The source for the first part is a website called "MyJewishLearning" part of 70 Faces Media which describes itself as "70 Faces Media is the largest and most diverse Jewish media organization in North America." Which itself is a merger with "Jewish Telegraphic Agency". JTA founded the "Overseas New Agency" in 1940 in cooperation with MI6 to provide British spies with press credentials and plant fake news stores in US newspapers to counter Hitler. This is proudly recalled in another Jewish site "Forward.com".

"MyJewishLearning" was created by Edgar M. Bronfman and funding continued through "The Samuel Bronfman Foundation". The family fame started with Samuel Bronfman, the most influential Jew in Canada, who made his fortune during Prohibition by producing alcohol in Canada and smuggling it into the US where it was illegal using organized crime as the middlemen.


The founding/funding circle also includes:
The Diane and Guilford Glazer Foundation. Of it, the Israel Policy Forum says:
The Diane and Guilford Glazer Foundation, a longtime supporter of Israel Policy Forum, is dedicated to the prosperity and safety of Israel as the homeland of the Jewish people and to the vitality and enrichment of Jewish communities in Israel, Los Angeles, and throughout the world.
It's director is "Shira Efron" who, according to CNAS [was]
director of research at Israeli Policy Forum, a senior research fellow at the Institute for National Security Studies, and an adjunct fellow with the RAND Corporation. Her research focus is U.S. Middle East policy and the nexus between climate change and national security. Her studies are featured regularly in Israeli and international media outlets. Previously, Dr. Efron was a Middle East analyst at several think tanks in Washington, D.C., including the Center for American Progress and Middle East Institute. She has a PhD and MPhil in policy analysis from RAND’s Graduate School, an MA in international relations/international business from New York University, and a BSc in biology (major) and computer science (minor) from Tel Aviv University.

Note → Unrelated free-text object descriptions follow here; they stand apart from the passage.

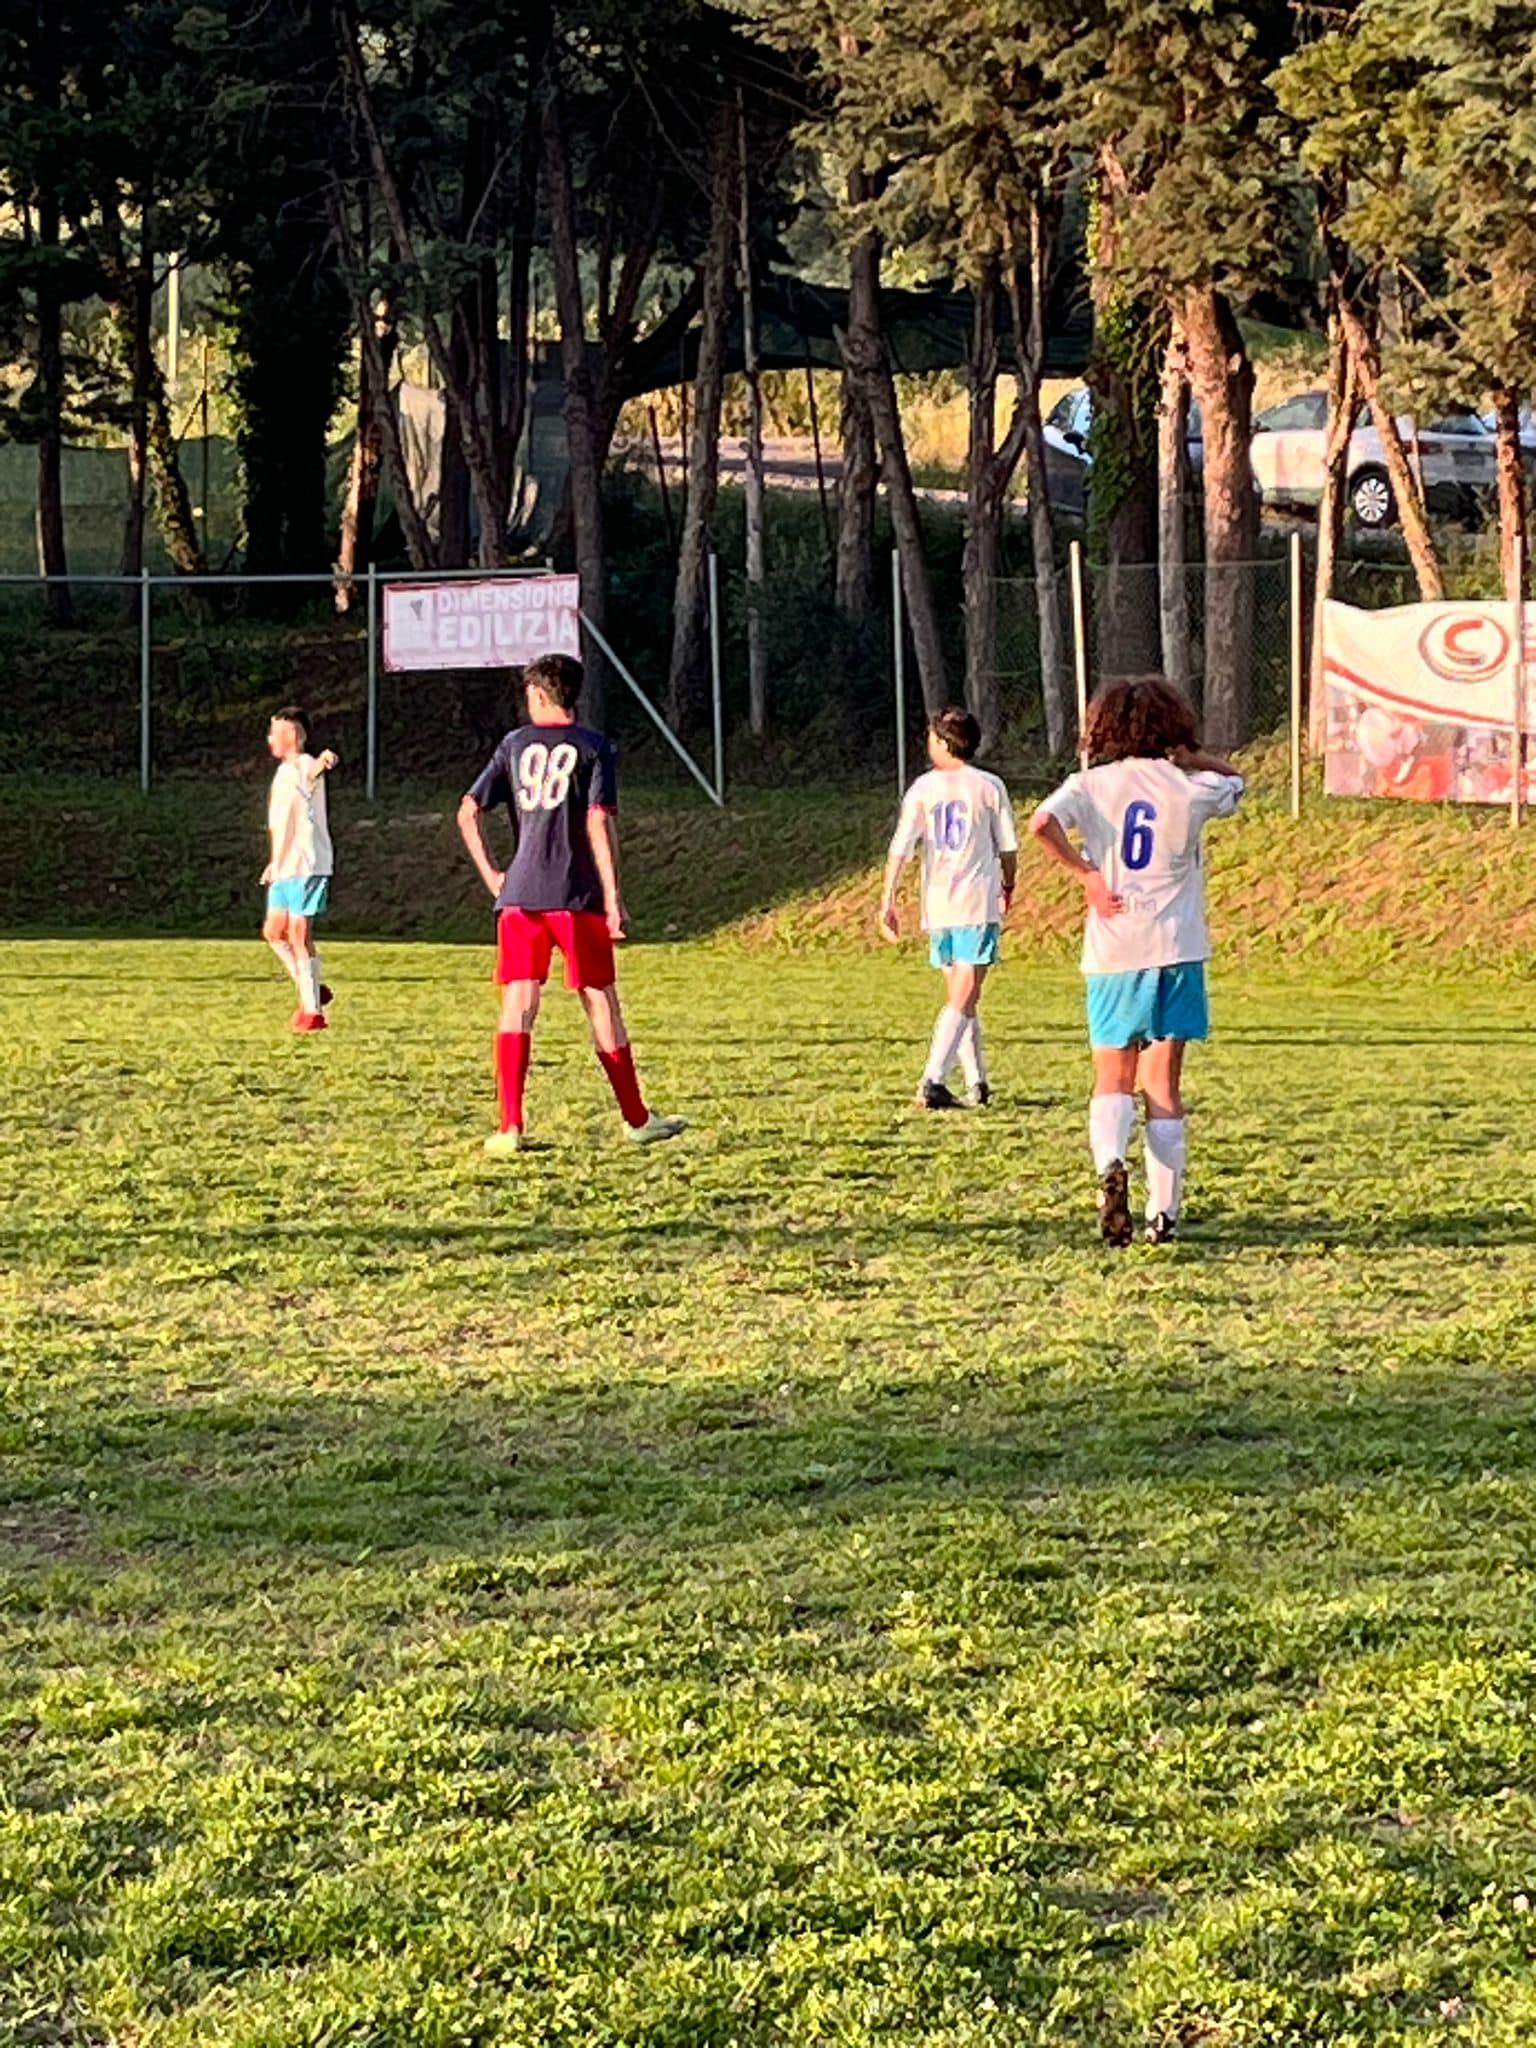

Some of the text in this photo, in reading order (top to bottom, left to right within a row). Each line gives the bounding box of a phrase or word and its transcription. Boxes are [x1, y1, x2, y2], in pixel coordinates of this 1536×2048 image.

[437, 584, 575, 614] DIMENSIONE
[437, 608, 575, 648] EDILIZIA
[517, 742, 578, 811] 98
[930, 799, 968, 850] 16
[1120, 800, 1157, 870] 6
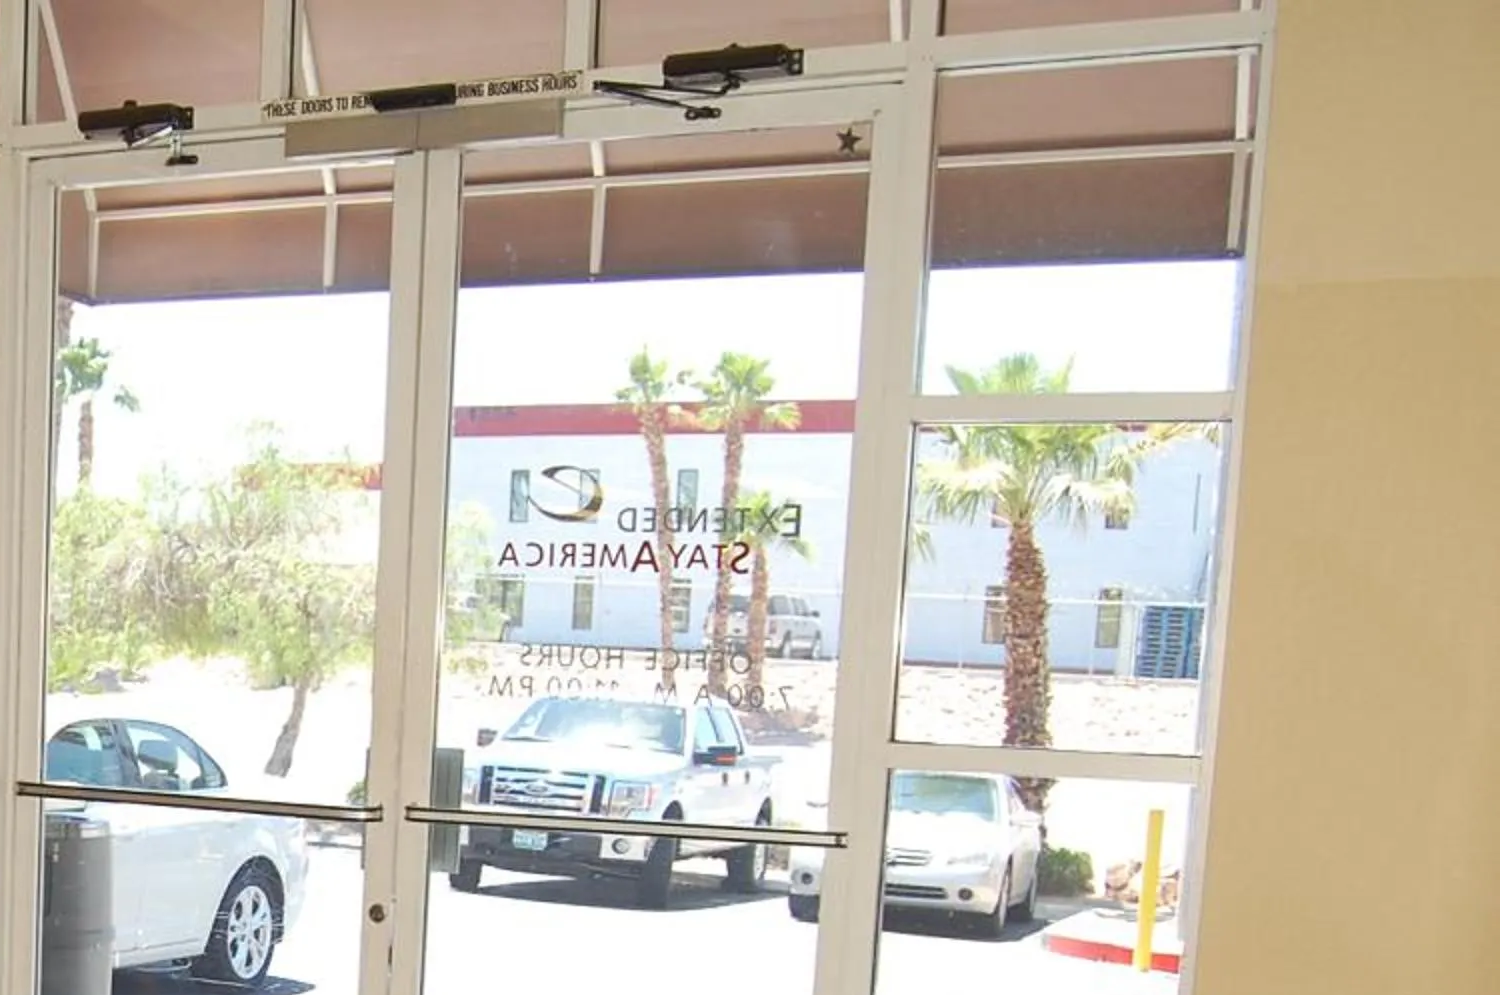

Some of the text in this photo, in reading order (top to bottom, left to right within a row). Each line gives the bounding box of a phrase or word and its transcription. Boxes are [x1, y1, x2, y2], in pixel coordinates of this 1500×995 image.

[301, 98, 333, 115] DOORS
[335, 96, 349, 111] TO
[487, 79, 539, 96] BUSINESS
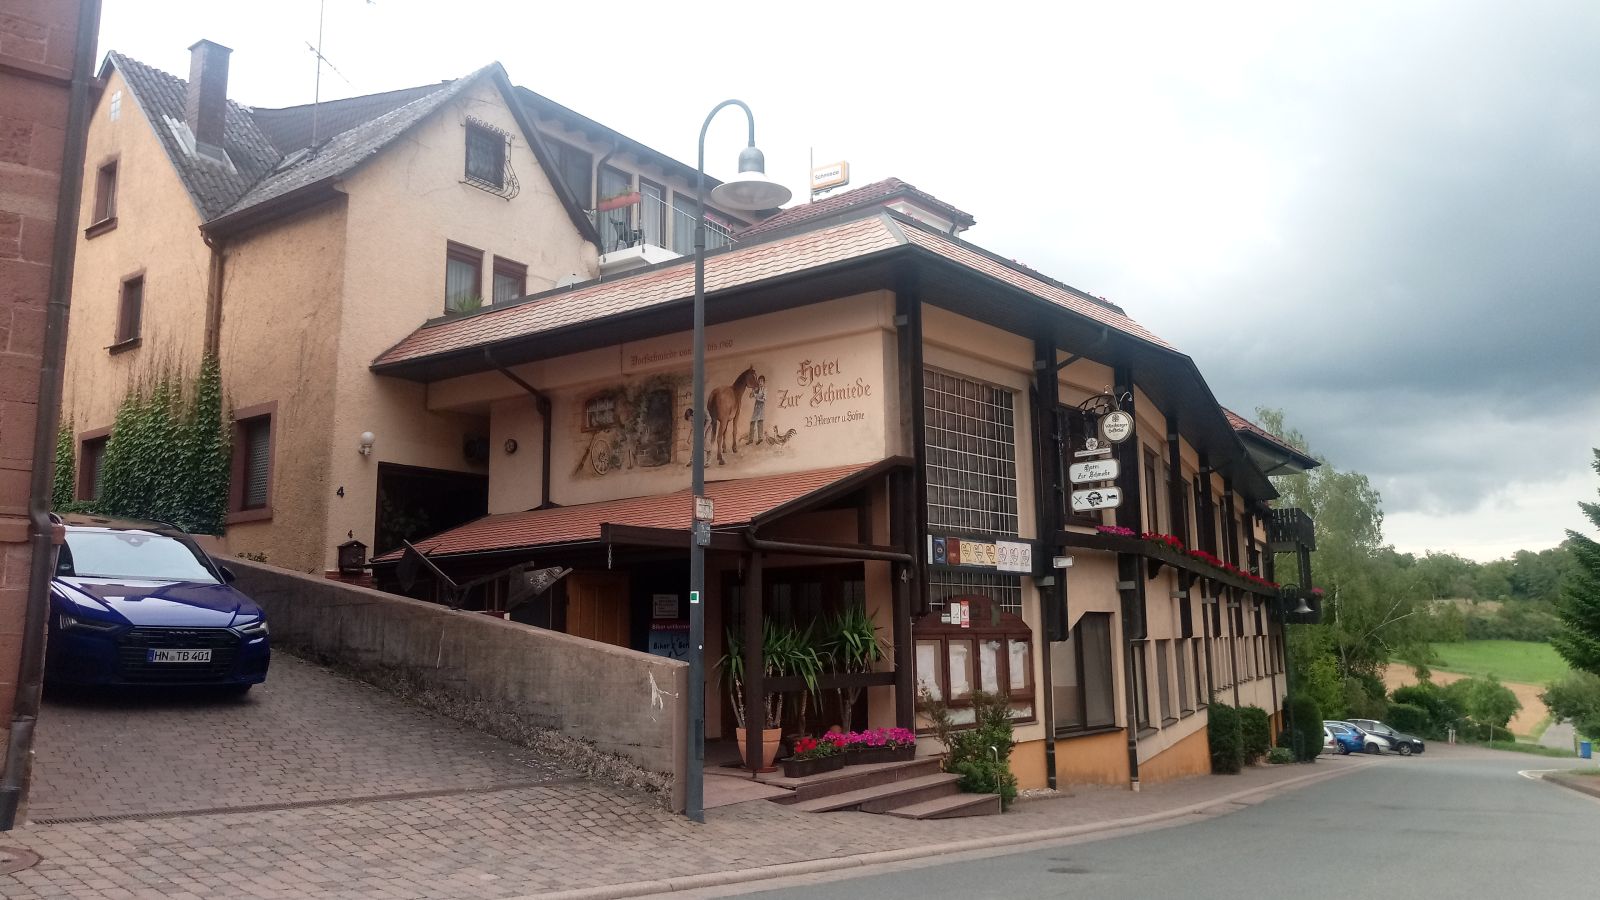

Crown Family Philanthropies. The founders also created Material Service Corp, acquired General Dynamics, and merged the two together. The current president Evan Hochberg used to be a Director at Deloitte which is known for several savory things, one of which was specifically hiring former CIA employees.

There's more but I'm honestly tired of looking up who their various funders are. For example another funder is the Maimonides Fund, whose President is also leading the Birthright Israel Foundation. Birthright Israel Foundation is also a funder of the Jim Joseph Foundation, which also happens to fund 70 Faces Media. And the Maimonides Fund promotes articles equating Gaza with Hamas and destroying Hamas. Birthright Israel Foundation is exactly what it sounds like too.


I checked simply because both the paper and the website don't cite any sources for the first part's numbers. But if we take the website's word for it:
After the initial influx of European Jews, the percentage of Jews from Moslem countries in Asia and Africa increased considerably (1948 ‑ 14.4%, 1949 ‑ 47.3%, 1950 ‑ 49.6%, 1951 ‑ 71.0%). During 1950 and 1951, special operations were undertaken to bring over Jewish communities perceived to be in serious danger, for example, the Jews of Yemen and Aden (Operation Magic Carpet) and the Jewish community in Iraq (Operation Ezra and Nehemia). During the same period, the vast majority of Libyan Jewry came to the country. Considerable numbers of Jews immigrated from Turkey and Iran as well as from other North African countries (Morocco, Tunisia, and Algeria).
So regardless of whether of not they were European, they're still settlers.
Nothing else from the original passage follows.